**Task to complete:** Could you transcribe the records below exactly, leaving out every picture?

**Input data:**
════

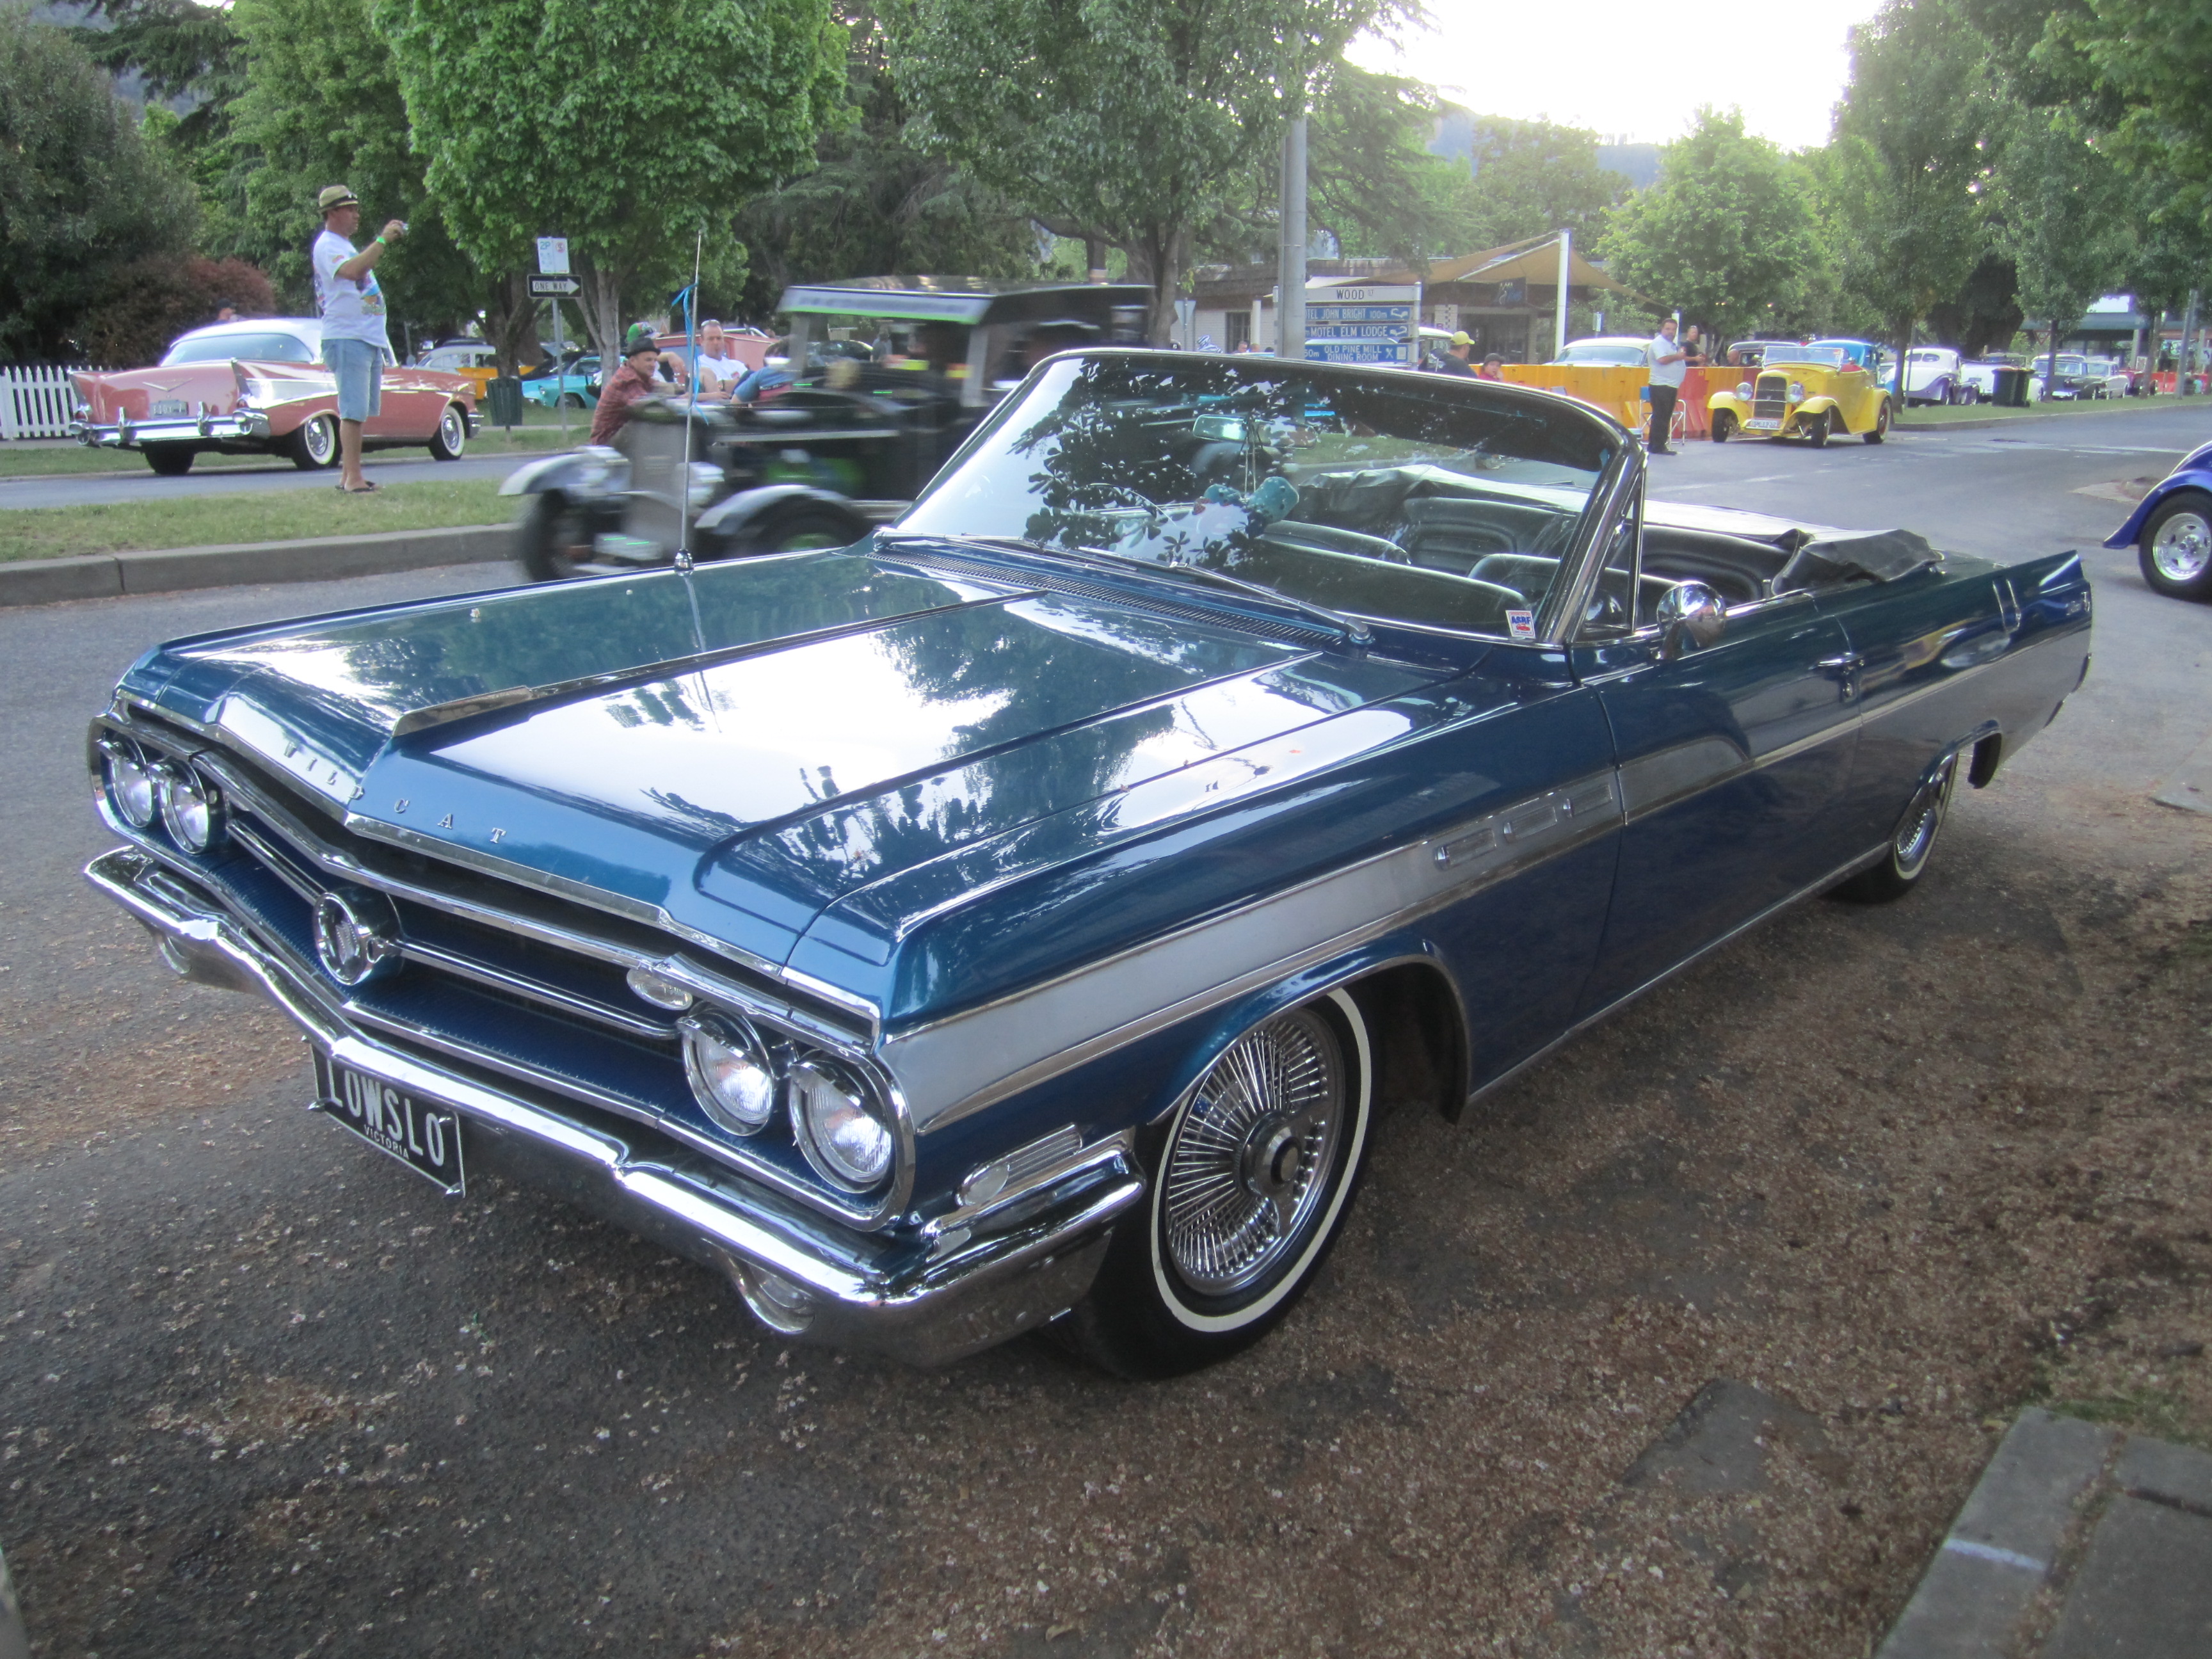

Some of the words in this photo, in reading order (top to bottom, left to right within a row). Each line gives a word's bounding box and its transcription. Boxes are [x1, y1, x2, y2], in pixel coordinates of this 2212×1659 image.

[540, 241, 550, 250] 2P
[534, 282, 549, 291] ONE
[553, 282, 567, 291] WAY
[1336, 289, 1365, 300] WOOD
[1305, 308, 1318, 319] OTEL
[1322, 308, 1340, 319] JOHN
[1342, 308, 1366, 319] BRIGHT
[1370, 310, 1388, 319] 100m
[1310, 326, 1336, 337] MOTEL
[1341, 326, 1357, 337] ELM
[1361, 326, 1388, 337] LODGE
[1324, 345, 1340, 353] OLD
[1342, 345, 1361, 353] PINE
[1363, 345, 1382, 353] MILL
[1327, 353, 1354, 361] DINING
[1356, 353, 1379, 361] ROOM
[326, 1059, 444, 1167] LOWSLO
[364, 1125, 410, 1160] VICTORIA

════

**Task response:**
Some of the words in this photo, in reading order (top to bottom, left to right within a row). Each line gives a word's bounding box and its transcription. Boxes are [x1, y1, x2, y2], in pixel coordinates of this 2212×1659 image.

[540, 241, 550, 250] 2P
[534, 282, 549, 291] ONE
[553, 282, 567, 291] WAY
[1336, 289, 1365, 300] WOOD
[1305, 308, 1318, 319] OTEL
[1322, 308, 1340, 319] JOHN
[1342, 308, 1366, 319] BRIGHT
[1370, 310, 1388, 319] 100m
[1310, 326, 1336, 337] MOTEL
[1341, 326, 1357, 337] ELM
[1361, 326, 1388, 337] LODGE
[1324, 345, 1340, 353] OLD
[1342, 345, 1361, 353] PINE
[1363, 345, 1382, 353] MILL
[1327, 353, 1354, 361] DINING
[1356, 353, 1379, 361] ROOM
[326, 1059, 444, 1167] LOWSLO
[364, 1125, 410, 1160] VICTORIA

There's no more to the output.